I looked back at the nurse, appalled, wondering how comfortable she would be.
I know. I've been there on both sides of the treatment table.
In school, practitioners are told subjective problems like pain or anxiety are "whatever the patient says it is" and to medicate accordingly. Then real life hits where everybody has their own experiences they use to decide how to treat others and drug addiction hits a nerve, especially when a young person is involved.
This is a problem that will grow as the chronically ill live longer, as cancer patients live healthier, and as the population gets older.
Nobody with severe health problems expects to take massive doses of narcotics. They expect to die or get better, but that doesn't always happen.
With the issue of pain management unaddressed, professionals take it upon themselves to regulate patients' medication if they think the person has gone on a free-for-all.
From experience, pain management is not fun amidst the suffering.
It's past time the drug tolerance issue is addressed large scale, in schools and hospitals all over, but I'll start here answering some burning questions I once had but couldn't ask.
Yes, after five years with cancer, I am addicted to my pain killers. I'm addicted the same way someone who drinks too much coffee or takes anti-depressants is: physiologically, because of my chronic long term suffering.
I take, nurses give me, and doctors prescribe doses large enough to kill me.... If I'd never taken them before. I've taken them for four years, building a tolerance. The doses would kill the average person who has never had them, I'm not average. I have experienced suffering unimaginable to most.
I wish I could. I take morphine to take a deep breath pain free. I take it to not feel my bone marrow swelling in the hallow of my bones, expanding outwards, trying to push its way out. I take it to not feel the tumors growing, pushing on my kidneys.
In spite of my extensive serious health history and an appearance contradictory to your stereotypical addict, I've been labeled a "drug seeker" and refused morphine in an ER when I arrived in septic shock with a fever of 100.6, BP 80/50, H rate 160 and drifting in and out of cognition after 5 years with cancer.
Drug addiction is the least of my problems.

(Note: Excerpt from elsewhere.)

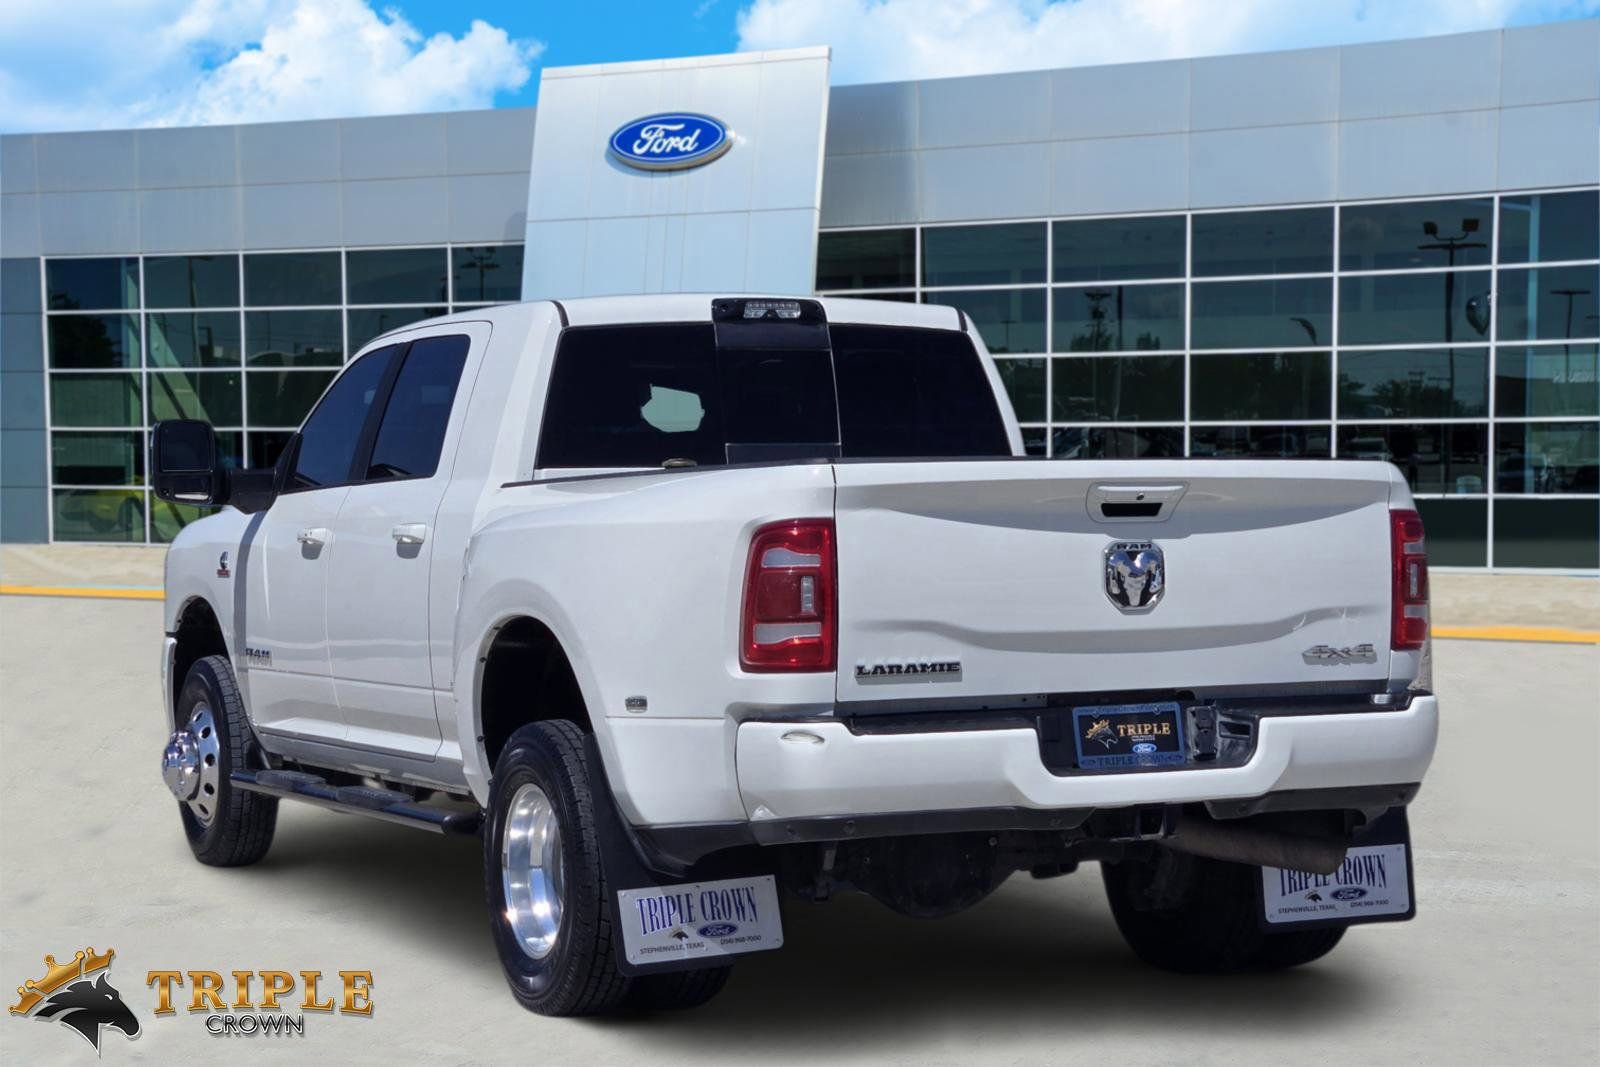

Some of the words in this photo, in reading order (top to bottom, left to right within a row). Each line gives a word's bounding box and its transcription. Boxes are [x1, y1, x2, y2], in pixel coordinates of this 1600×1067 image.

Judgments don't bother me.
Morphine is part of my regimen. It takes stress off my body, allowing me to heal more quickly. I avoid pneumonias by breathing painfree. I can rehab after a setback that would leave me bedridden. My morphine allows me to walk, regain strength and build muscle.
It is part of my regimen the same way my inhalers allow my lungs to expand or my folic acid assists my Red Blood Cells in growing.
Ignorance does bother me. Failure to recognize the role pain control plays in healing is ignorance.
Worse, suddenly refusing pain medications causes physical withdrawals. Nerves feel fried, firing and shocking. Cold sweats set in. The pain is made worse.
When biases effect care, health outcomes suffer. The patient has an acute pain problem beyond their chronic pain, and often withdrawals.
Now that some of your questions are answered, all I ask is if you're ever in this situation, please, Have mercy.